Het oordeel van het hof
Het hof neemt het proces-verbaal van aangifte door aangeefster [slachtoffer] van 24 oktober 2011 als uitgangspunt voor zijn beoordeling. In die aangifte verklaart aangeefster, onder meer het volgende (doorgenummerde pag. 26):
“Ik heb een relatie met [verdachte] gekregen in 2008. Midden 2008 zijn we een keer uit eten gegaan en daarna is er een relatie ontstaan. Hij loog over van alles en nog wat. Zo wilde hij geen contact met mijn familie en vrienden. Zij mochten ook niets van de relatie weten. Ik kon hier niet langer tegen en heb de relatie beëindigd. Hij bleef mij echter benaderen en bij mij thuis komen. Hij bleef ook wel bij mij eten en nam me ook mee uit eten. We hadden ook veel telefonisch contact. Dagelijks en soms meerdere keren. Hij belde mij eigenlijk steeds. Het zal wel eens voorgekomen zijn dat ik hem belde. Ik denk wel eens: “Ben ik niet duidelijk genoeg geweest naar hem toe en heb ik het zelf zo ver laten komen.” Tot ongeveer vier weken terug had ik het niet in de gaten. Daarvoor zijn er verschillende dingen geweest waardoor ik later besefte dat hij zich toen al vreemd gedroeg.”
Het hof leidt uit het vorenstaande af dat aangeefster eerst na eind september/begin oktober 2011 tot het besef is gekomen dat verdachte zich vreemd had gedragen. Uit die verklaring kan, naar het oordeel van het hof, evenwel niet worden afgeleid dat aangeefster zich gedurende haar omgang met verdachte in de tenlastegelegde periode belemmerd heeft gevoeld in haar persoonlijke levenssfeer. Dit wordt bevestigd door de omstandigheid dat ook aangeefster in die periode vele malen zelf contact heeft gezocht met verdachte.
Daarom kan het aan verdachte ten laste gelegde niet bewezen worden verklaard.

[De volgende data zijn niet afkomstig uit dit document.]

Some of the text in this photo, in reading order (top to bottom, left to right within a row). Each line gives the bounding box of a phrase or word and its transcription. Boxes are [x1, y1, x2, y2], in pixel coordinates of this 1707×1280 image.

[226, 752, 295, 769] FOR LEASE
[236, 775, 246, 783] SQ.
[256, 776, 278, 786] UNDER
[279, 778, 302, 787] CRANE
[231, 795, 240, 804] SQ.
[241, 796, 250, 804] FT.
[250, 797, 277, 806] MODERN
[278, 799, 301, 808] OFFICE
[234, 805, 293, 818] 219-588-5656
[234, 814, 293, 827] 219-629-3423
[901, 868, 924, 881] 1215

Op grond van het voorgaande acht het hof niet wettig en overtuigend bewezen dat verdachte zich schuldig heeft gemaakt aan belaging van [slachtoffer], zodat verdachte daarvan behoort te worden vrijgesproken.

BESLISSING

Het hof:
Vernietigt het vonnis waarvan beroep en doet opnieuw recht:
Verklaart niet bewezen dat de verdachte het ten laste gelegde heeft begaan en spreekt de verdachte daarvan vrij.
Aldus gewezen door
mr R. de Groot, voorzitter,
mr H. Abbink en mr P.R. Wery, raadsheren,
in tegenwoordigheid van mr D. Mientjes, griffier,
en op 23 augustus 2013 ter openbare terechtzitting uitgesproken.
mr R. de Groot is buiten staat dit arrest mede te ondertekenen.